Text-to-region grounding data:
::::

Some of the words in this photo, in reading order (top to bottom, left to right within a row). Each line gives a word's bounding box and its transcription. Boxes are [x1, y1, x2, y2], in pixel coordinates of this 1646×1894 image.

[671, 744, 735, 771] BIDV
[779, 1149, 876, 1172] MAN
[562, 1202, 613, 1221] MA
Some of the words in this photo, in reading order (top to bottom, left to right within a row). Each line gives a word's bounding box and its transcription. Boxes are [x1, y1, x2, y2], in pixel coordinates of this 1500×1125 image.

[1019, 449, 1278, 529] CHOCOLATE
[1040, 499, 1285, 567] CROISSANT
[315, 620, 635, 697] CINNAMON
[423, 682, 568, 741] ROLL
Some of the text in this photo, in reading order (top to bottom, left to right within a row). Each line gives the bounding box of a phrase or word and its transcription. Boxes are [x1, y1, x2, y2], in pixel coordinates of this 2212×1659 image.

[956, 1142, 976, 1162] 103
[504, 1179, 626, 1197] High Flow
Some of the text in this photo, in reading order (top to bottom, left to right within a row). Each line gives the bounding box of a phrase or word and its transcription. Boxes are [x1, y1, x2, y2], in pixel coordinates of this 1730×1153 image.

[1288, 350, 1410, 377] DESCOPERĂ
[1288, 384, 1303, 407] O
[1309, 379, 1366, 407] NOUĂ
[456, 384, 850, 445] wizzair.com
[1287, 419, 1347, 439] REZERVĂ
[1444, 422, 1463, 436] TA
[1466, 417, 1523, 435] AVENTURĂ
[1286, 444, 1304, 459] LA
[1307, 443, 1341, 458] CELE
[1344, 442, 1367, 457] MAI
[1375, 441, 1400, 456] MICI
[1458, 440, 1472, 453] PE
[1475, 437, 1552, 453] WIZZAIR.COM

::::

• Description of the task
Every one of the records is to be copied word for word.

• Answer to this exercise
Some of the words in this photo, in reading order (top to bottom, left to right within a row). Each line gives a word's bounding box and its transcription. Boxes are [x1, y1, x2, y2], in pixel coordinates of this 1646×1894 image.

[671, 744, 735, 771] BIDV
[779, 1149, 876, 1172] MAN
[562, 1202, 613, 1221] MA
Some of the words in this photo, in reading order (top to bottom, left to right within a row). Each line gives a word's bounding box and its transcription. Boxes are [x1, y1, x2, y2], in pixel coordinates of this 1500×1125 image.

[1019, 449, 1278, 529] CHOCOLATE
[1040, 499, 1285, 567] CROISSANT
[315, 620, 635, 697] CINNAMON
[423, 682, 568, 741] ROLL
Some of the text in this photo, in reading order (top to bottom, left to right within a row). Each line gives the bounding box of a phrase or word and its transcription. Boxes are [x1, y1, x2, y2], in pixel coordinates of this 2212×1659 image.

[956, 1142, 976, 1162] 103
[504, 1179, 626, 1197] High Flow
Some of the text in this photo, in reading order (top to bottom, left to right within a row). Each line gives the bounding box of a phrase or word and its transcription. Boxes are [x1, y1, x2, y2], in pixel coordinates of this 1730×1153 image.

[1288, 350, 1410, 377] DESCOPERĂ
[1288, 384, 1303, 407] O
[1309, 379, 1366, 407] NOUĂ
[456, 384, 850, 445] wizzair.com
[1287, 419, 1347, 439] REZERVĂ
[1444, 422, 1463, 436] TA
[1466, 417, 1523, 435] AVENTURĂ
[1286, 444, 1304, 459] LA
[1307, 443, 1341, 458] CELE
[1344, 442, 1367, 457] MAI
[1375, 441, 1400, 456] MICI
[1458, 440, 1472, 453] PE
[1475, 437, 1552, 453] WIZZAIR.COM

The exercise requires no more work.